Borna Coric, Lucky Loser, Puts Slumping No. 1 Andy Murray To Bed
Julian Finney/ [object Object] It’s been an extremely Andy Murray series of events. The ornery Scot played blisteringly good, 28-wins-straight tennis to finally claim the No. 1 spot for the first time in his career, but has since looked much easier to topple, taking losses to names you wouldn’t immediately recognize: older brother Mischa Zverev at the Australian Open, injury-plagued Vasek Pospisil at Indian Wells, and clay court specialist Albert Ramos Vinolas at Monte Carlo. When Dominic Thiem cut short his Barcelona run last week, Murray was going colder still. Today his woes continued with a 6-3, 6-3 loss in the third round of the Madrid Open, an upset at the hands of Borna Coric.

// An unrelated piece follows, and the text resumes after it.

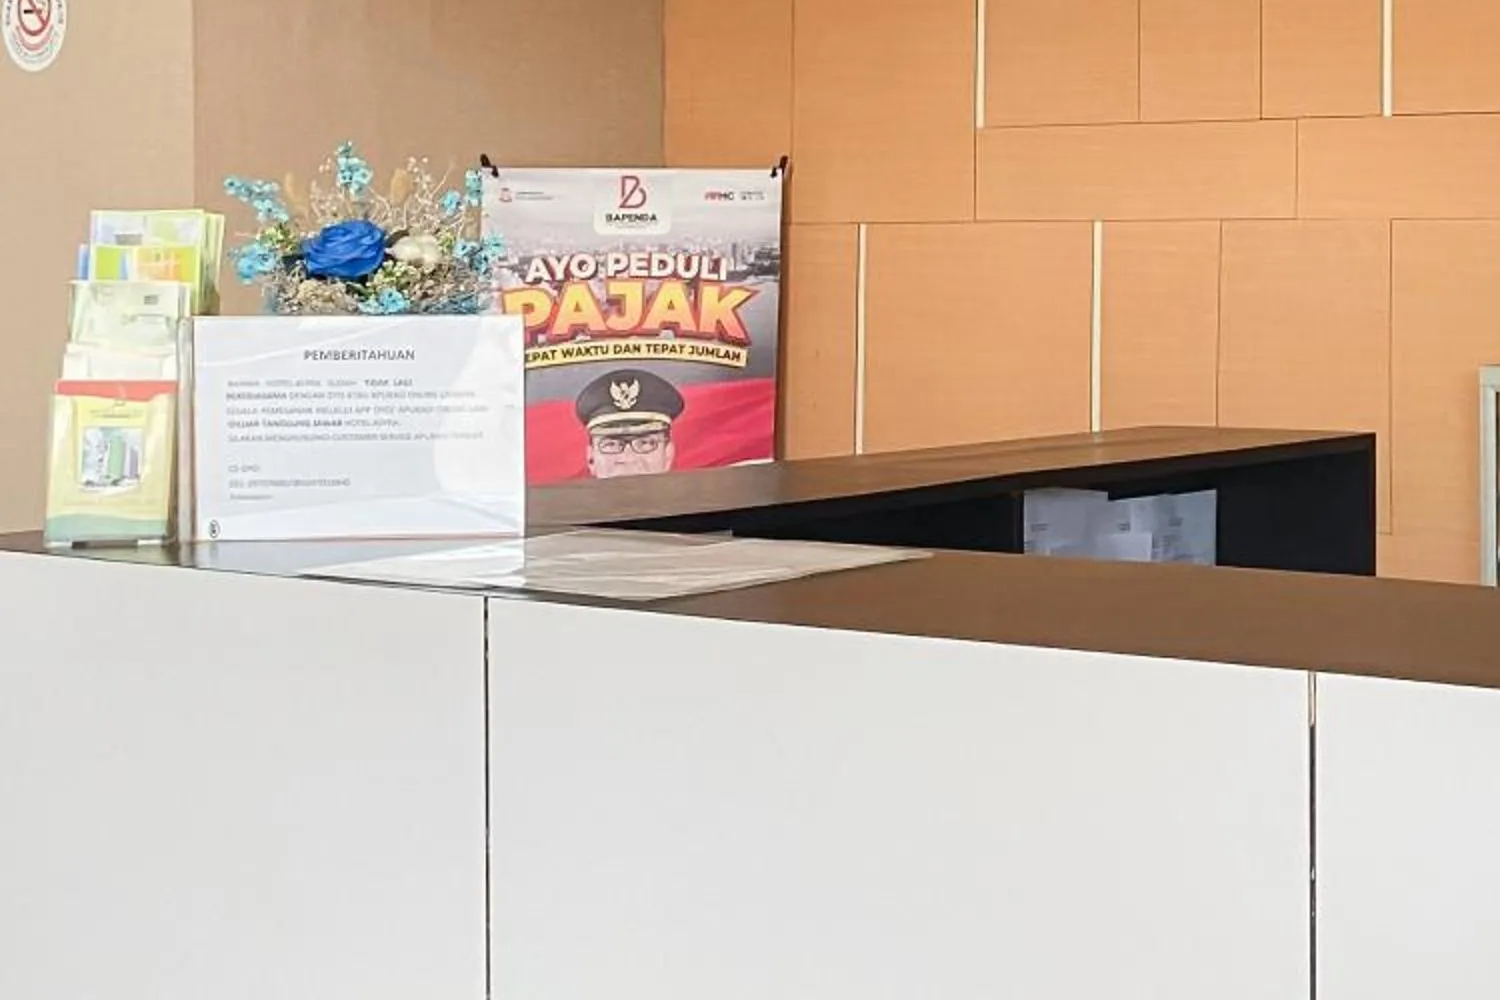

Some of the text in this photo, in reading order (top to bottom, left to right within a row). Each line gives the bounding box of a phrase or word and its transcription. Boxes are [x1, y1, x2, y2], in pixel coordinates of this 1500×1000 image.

Who the hell is Borna Coric?
While this blog has spent most of the last few months blabbering about the promise of Nick Kyrgios and Alexander Zverev, the young Croat probably deserves a spot in that same cohort, even if his No. 59 ranking has yet to reflect it due to an ugly 2017. Lacking the out-and-out baseline weapons of the aforementioned duo, Coric plies a sturdy, controlled style much wiser than his 20 years. Novak Djokovic once remarked that Coric reminded him of himself at that age, and the similarity’s clear: a consistent ball-striker and easy mover, with a two-handed backhand solid as a granite slab. In that sense it’s not all that different from the tennis Andy Murray plays, and today Coric simply did it better than his erratic elder, who was flubbing shots you won’t often see him miss, ending with 28 unforced errors.
By the tail end of this straight sets loss, Murray was flashing bewildered, sarcastic smiles to his box. The feeling shouldn’t be totally unfamiliar, though. This is not the first time Coric has beaten Andy Murray, and, oddly, it’s not even the first time he’s beaten Andy Murray after sneaking into a tournament as a lucky loser—someone who finds a slot in the draw even after losing their qualifying matches, simply because someone higher up withdrew. (He did the same at Dubai in 2015, winning a similarly smooth 6-1, 6-3 match there.) Coric, who snagged his first ATP title in Marrakech last month, is just beginning his hard ascent up the rankings, but somewhere in the future he’ll offer a perfect stylistic foil for his two heavy-hitting contemporaries already well on their way to supremacy.